Ekaterina Kravtsova, Nina Chestney: FEBRUARY 20, 2020

* LNG supply soared over past year, excess cargoes sent to Europe

* Shell sees supply growth easing from mid-2020

* Expects impact of coronavirus on Chinese demand to be temporary

* (Updates throughout with outlook for 2020, quotes from webcast)

By Ekaterina Kravtsova and Nina Chestney

LONDON, Feb 20 (Reuters) – Asia will be able to absorb most of the growth in liquefied natural gas (LNG) supply from the second half of 2020, with Europe ceasing to be a balancing market, Royal Dutch Shell said on Thursday.

Excess cargoes have been sent to Europe in the past year as global LNG supply has been soaring, in particular from projects in the United States and Australia.

Mild weather and the coronavirus outbreak in China helped reduce LNG demand in Asia this winter and LNG prices in Asia have dropped to record lows, while European gas prices are wallowing at more than a 10-year low.

“Over the last five quarters, we’ve seen particularly strong supply growth and Europe having to act as the balancing market to absorb those volumes,” Steve Hill, EVP Shell Energy, said in a webcast after Shell presented its LNG outlook.

“But as you look forward from 2020, particularly from the middle of 2020, you see a material reduction in the growth of supply and you see Europe no longer being called upon to provide the role as the balancing markets, and Asia absorbing most of the supply growth going forward.”

After almost 30 million tonnes of new liquefaction capacity was added in 2019, the growth in new supply is expected to slow down this year to below 20 million tonnes.

European LNG imports soared by more than 30 million tonnes to around 85 million tonnes in 2019 compared to 2018 as demand fell in Japan and South Korea and rose more slowly than previously expected in China, Refinitiv data showed.

Gas was also more competitive to burn than coal in European power generation.

“While we see weak market conditions today due to record new supply coming in, two successive mild winters and the coronavirus situation, we expect equilibrium to return,” Maarten Wetselaar, integrated gas and new energies director at Shell, said.

Shell expects the impact of the coronavirus outbreak in China to be transitory for the country’s demand, but added that consumption was affected in February, which is likely to extend into March. It estimated that China’s LNG demand will grow by 4-6 million tonnes this year.

Last year, China’s LNG imports increased by 14% due to efforts to improve air quality. LNG imports also grew in Bangladesh, India and Pakistan, Shell’s outlook showed.

Commenting on the possibility of production shut-ins due to low prices, Shell said that there is a possibility of those in the United States as export economics “is very marginal.”
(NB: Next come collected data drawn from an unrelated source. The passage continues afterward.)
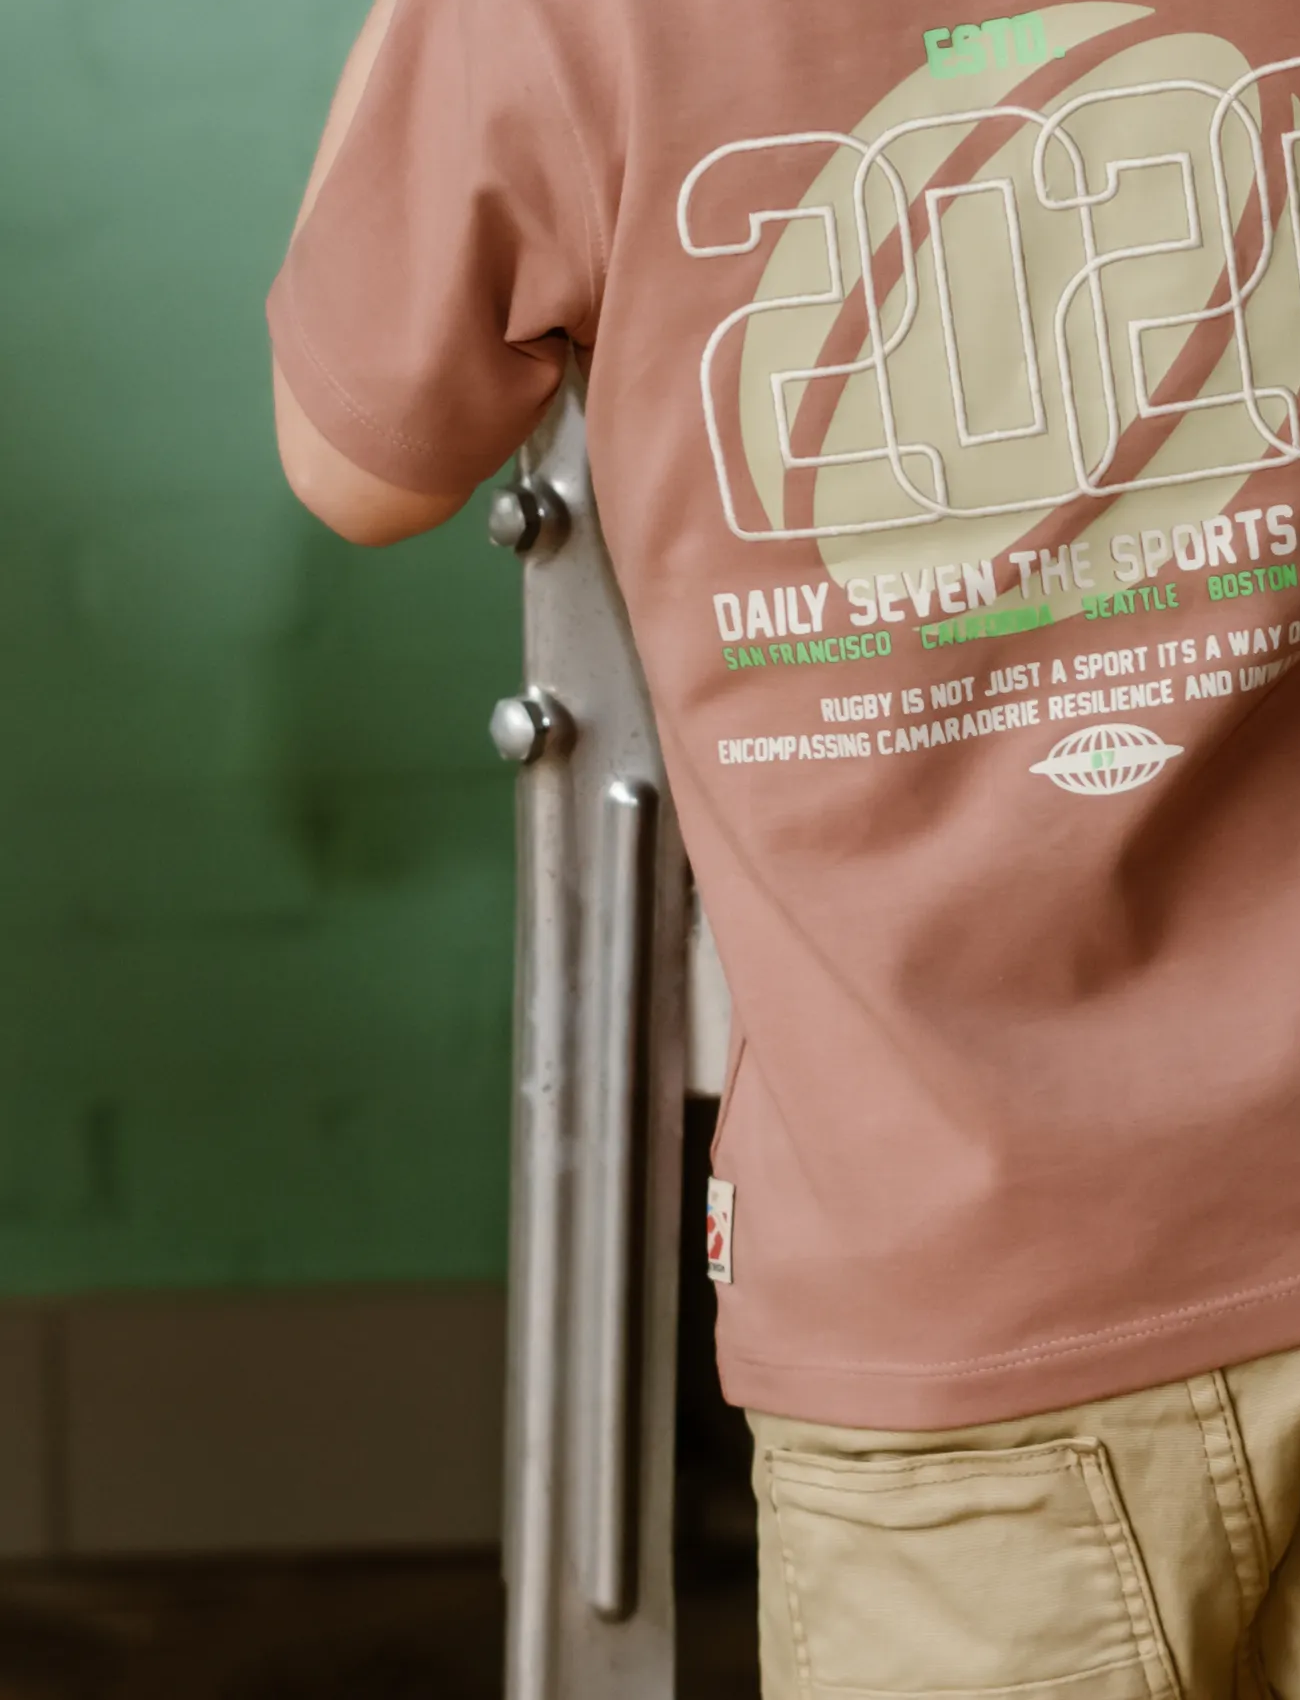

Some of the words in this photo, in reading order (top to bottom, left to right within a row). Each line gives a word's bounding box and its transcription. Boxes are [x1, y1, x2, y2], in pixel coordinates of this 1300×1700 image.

[713, 582, 829, 642] DAILY
[846, 558, 997, 626] SEVEN
[1008, 540, 1095, 600] THE
[1110, 504, 1298, 583] SPORTS
[723, 647, 766, 671] SAN
[770, 630, 892, 666] FRANCISCO
[1081, 583, 1180, 621] SEATTLE
[1207, 563, 1299, 601] BOSTON
[717, 732, 872, 765] ENCOMPASSING
[876, 700, 1041, 756] CAMARADERIE
[1047, 678, 1175, 721] RESILIENCE
[1184, 670, 1233, 702] AND
[820, 692, 892, 723] RUGBY
[901, 688, 924, 715] IS
[930, 676, 975, 710] NOT
[984, 661, 1041, 697] JUST
[1050, 658, 1067, 684] A
[1073, 646, 1148, 682] SPORT
[1157, 637, 1197, 668] ITS
[1205, 634, 1222, 661] A
[1227, 624, 1282, 657] WAY
With multi-year low European gas prices and LNG trading in the region at deep discounts to those, sellers of some U.S. cargoes may already see deliveries of U.S. LNG to Europe unprofitable.
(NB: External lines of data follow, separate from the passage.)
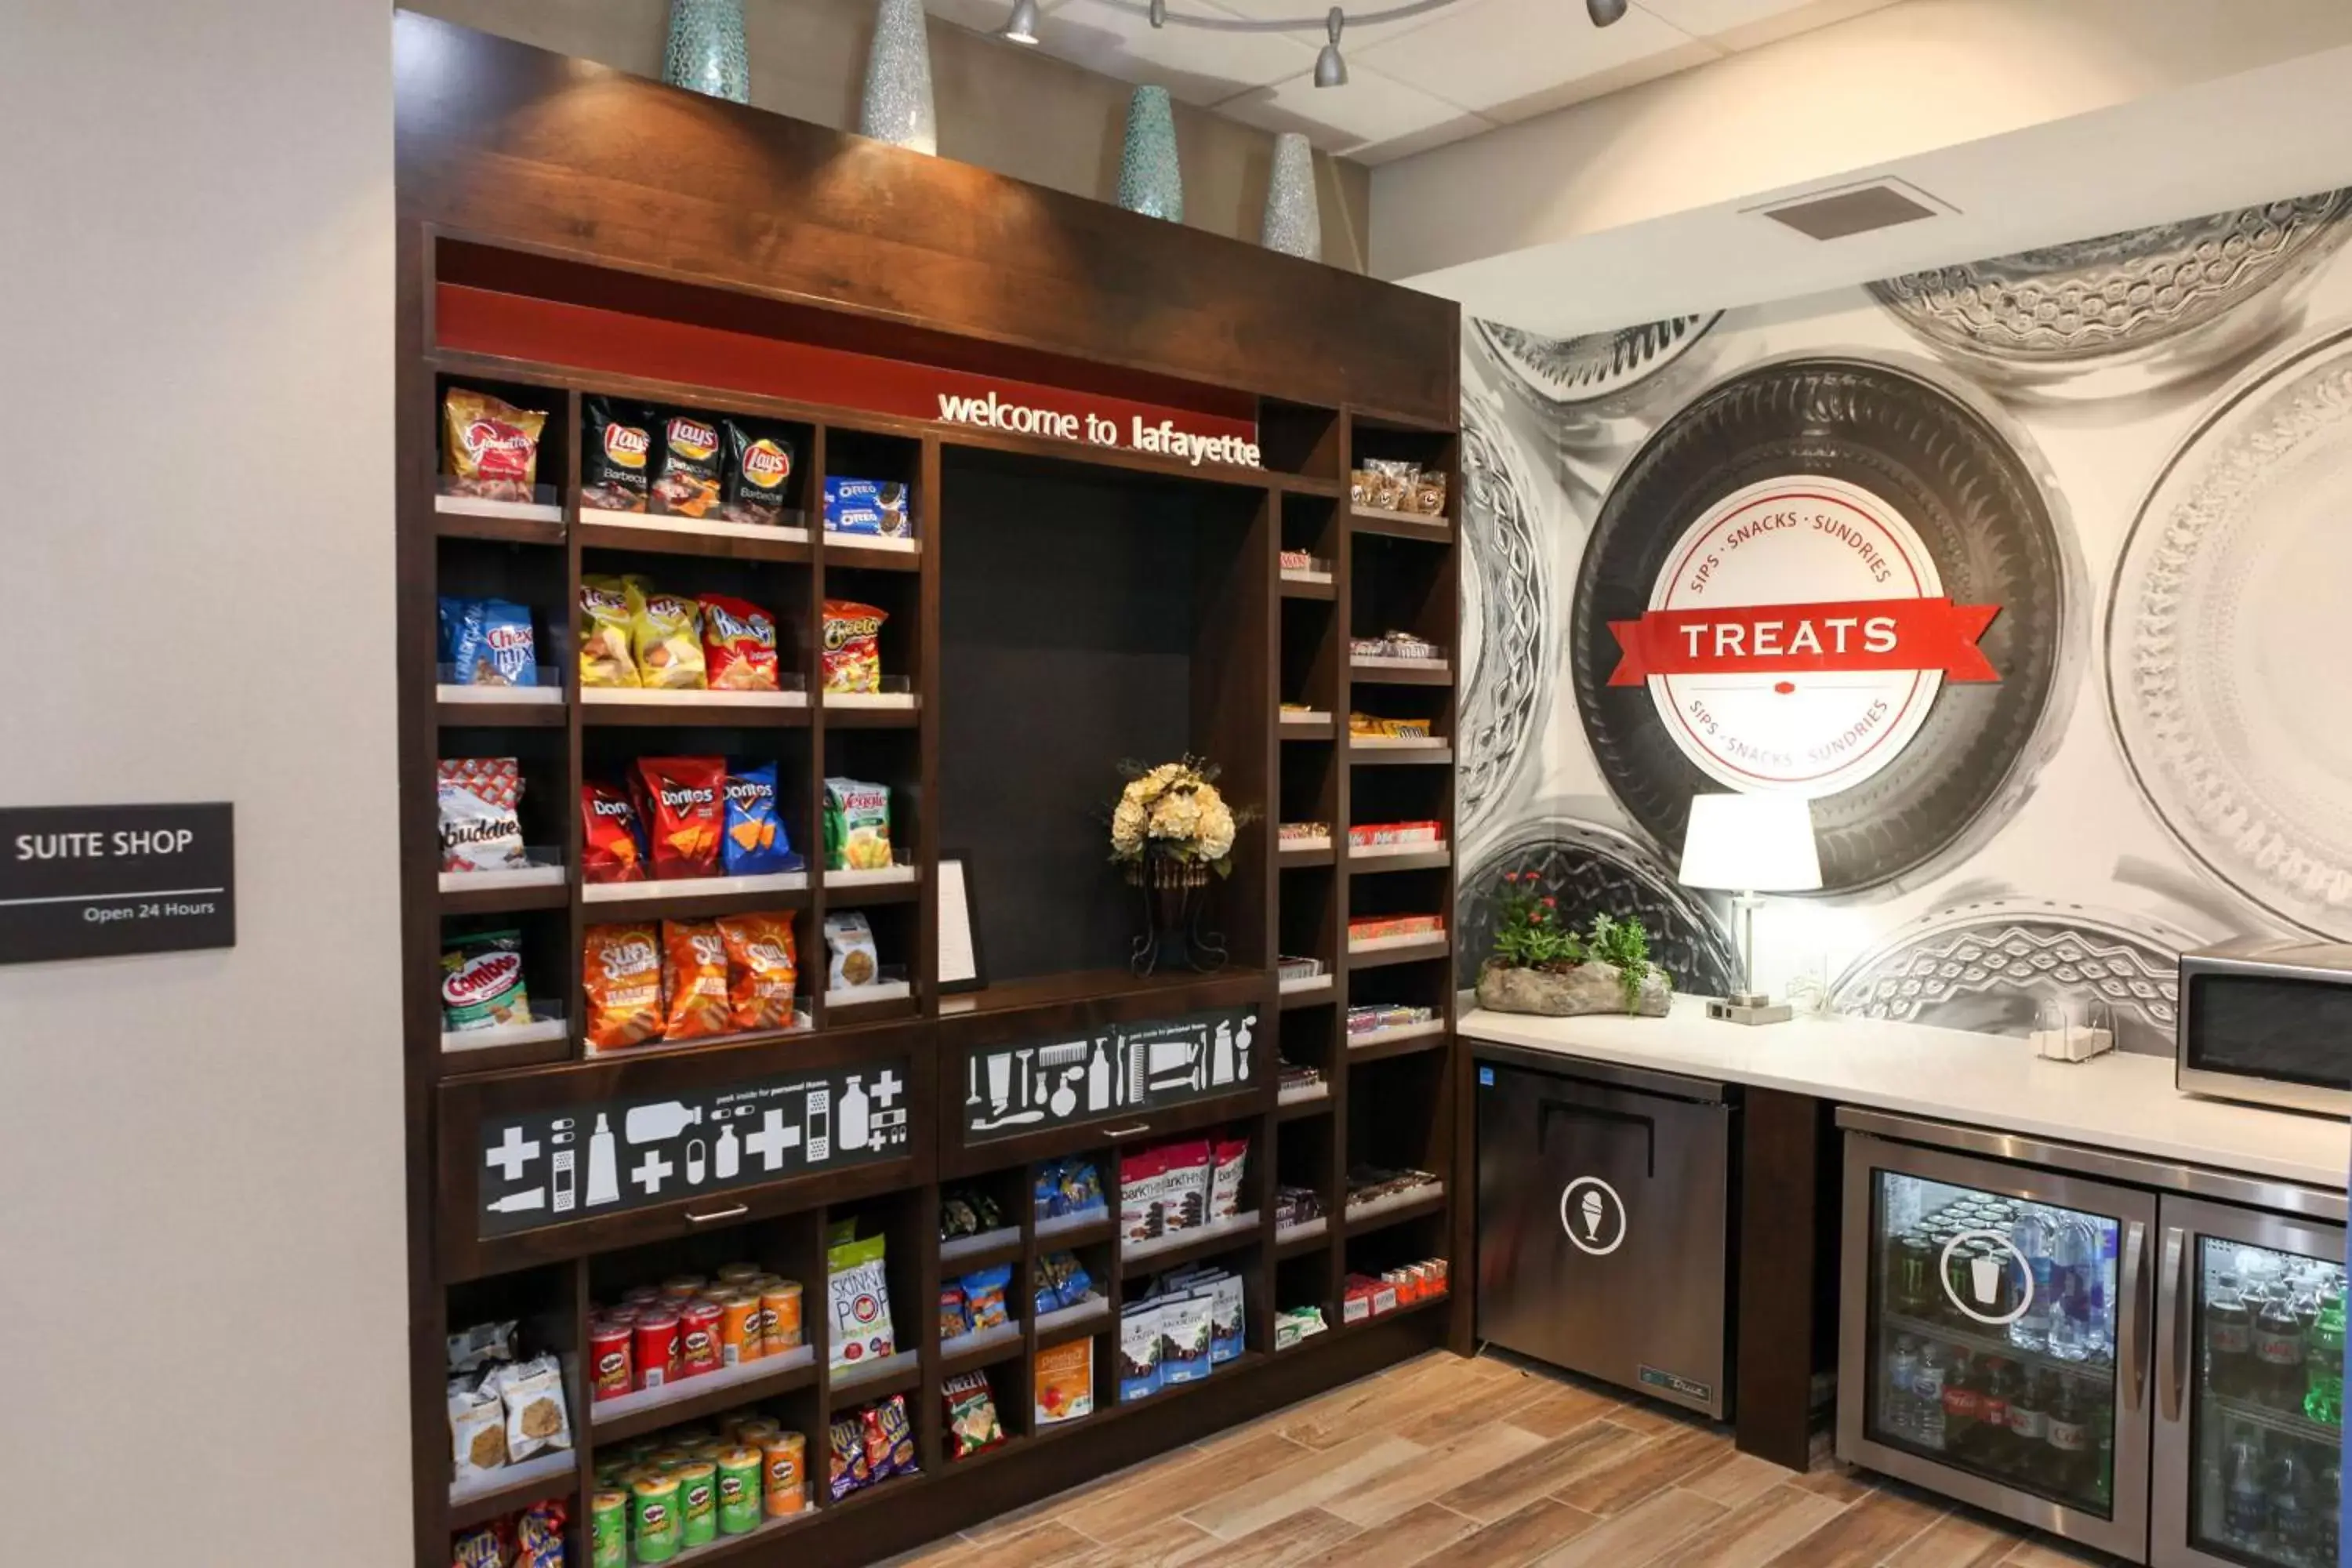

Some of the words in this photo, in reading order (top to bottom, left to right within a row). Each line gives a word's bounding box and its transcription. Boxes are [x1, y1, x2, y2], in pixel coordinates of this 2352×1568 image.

[938, 391, 1080, 440] welcome
[1085, 413, 1117, 445] to
[1132, 416, 1261, 466] lafayette
[603, 467, 647, 485] Barbecu
[1691, 554, 1719, 593] SIPS
[1727, 512, 1797, 550] SNACKS
[1813, 514, 1891, 583] SUNDRIES
[487, 625, 532, 649] Chex
[823, 617, 878, 651] Cheeto
[1680, 617, 1899, 658] TREATS
[1690, 700, 1719, 735] SIPS
[1727, 737, 1793, 768] SNACKS
[1807, 699, 1888, 764] SUNDRIES
[661, 789, 713, 806] Doritos
[16, 833, 104, 860] SUITE
[112, 829, 194, 856] SHOP
[83, 906, 134, 924] Open
[138, 904, 159, 919] 24
[165, 902, 216, 916] Hours
[832, 1265, 885, 1301] SKINNY
[837, 1286, 888, 1330] POP
Production can also be reduced in Australia, Egypt and Malaysia as these countries have options to re-direct gas to domestic markets, Shell said.

In its 2020 LNG outlook, Shell said Asia is expected to be the key growth region for LNG in the next 20 years, with South and Southeast Asia generating more than half of the increased demand.
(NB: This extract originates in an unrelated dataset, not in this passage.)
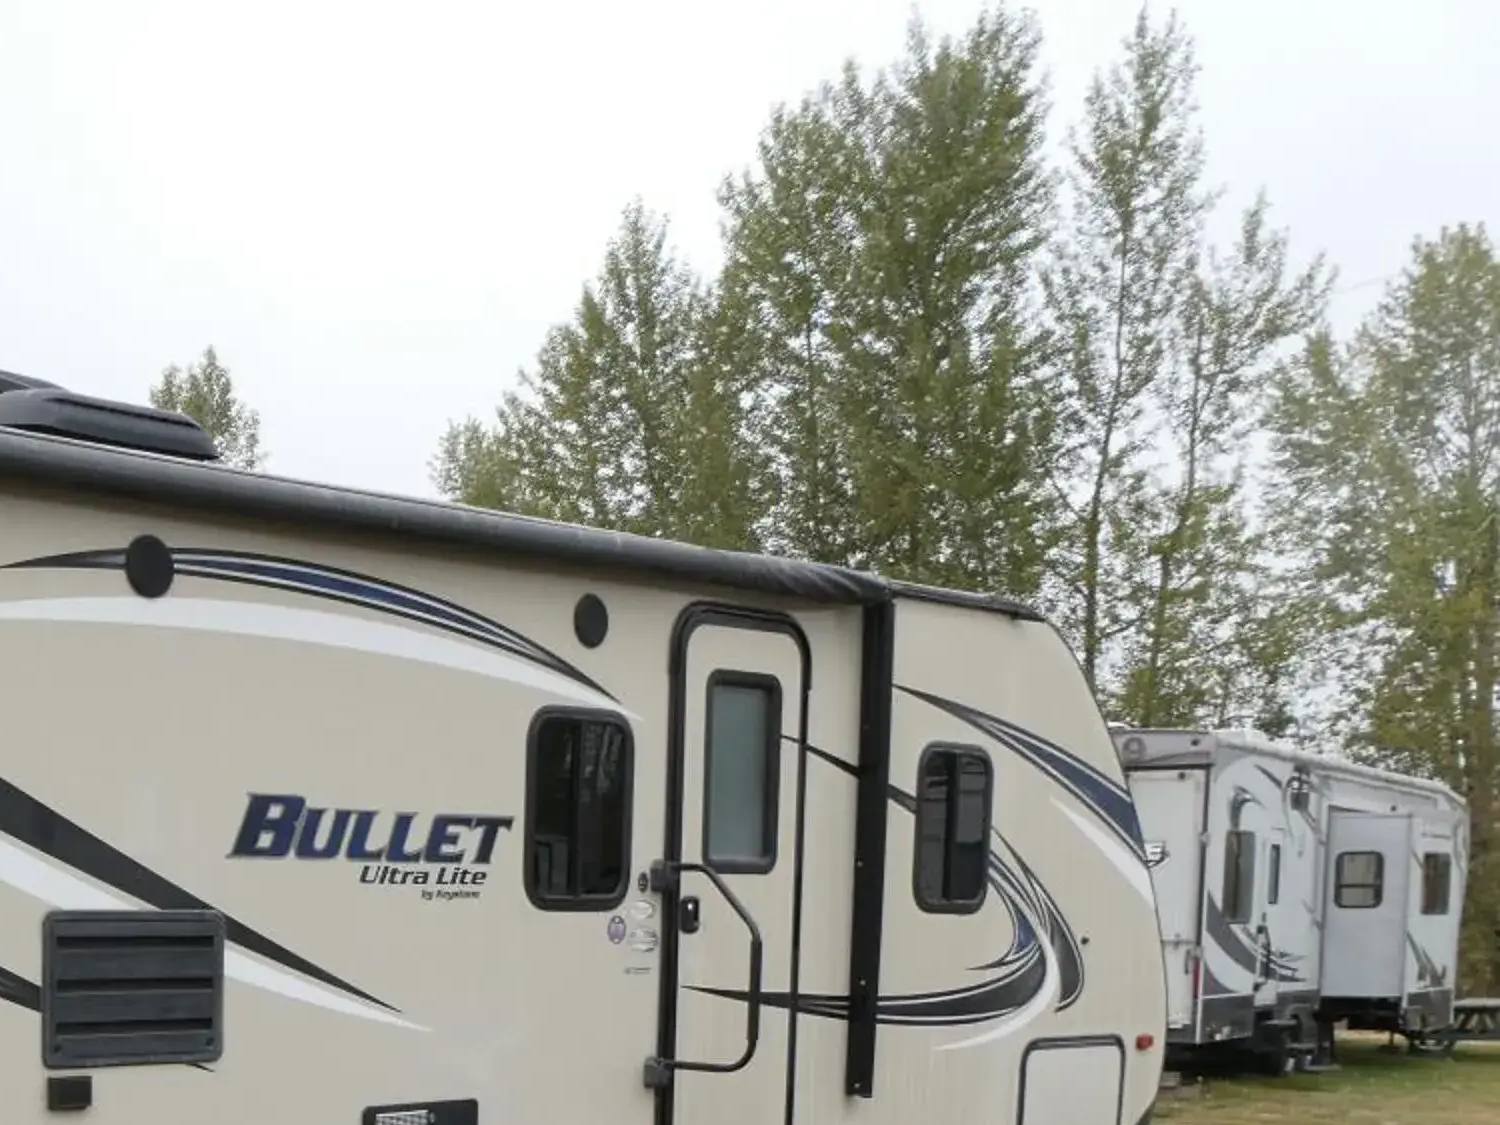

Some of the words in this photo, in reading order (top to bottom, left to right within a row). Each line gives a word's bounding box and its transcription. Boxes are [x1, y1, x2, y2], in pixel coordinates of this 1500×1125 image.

[225, 792, 514, 864] BULLET
[359, 865, 429, 885] Ultra
[436, 866, 487, 885] Lite
Global demand for LNG is expected to double to 700 million tonnes by 2040, with gas continuing to play a key role in a lower-carbon energy system. Global LNG demand grew by 12.5% to 359 million tonnes last year.

“The global LNG market continued to evolve in 2019, with demand increasing for LNG and natural gas in power and non-power sectors,” Wetselaar said.

“Record supply investments will meet people’s growing need for the most flexible and cleanest-burning fossil fuel.”

Natural gas emits between 45% and 55% fewer greenhouse gas emissions and less than one-tenth of the air pollutants of coal when used to generate electricity.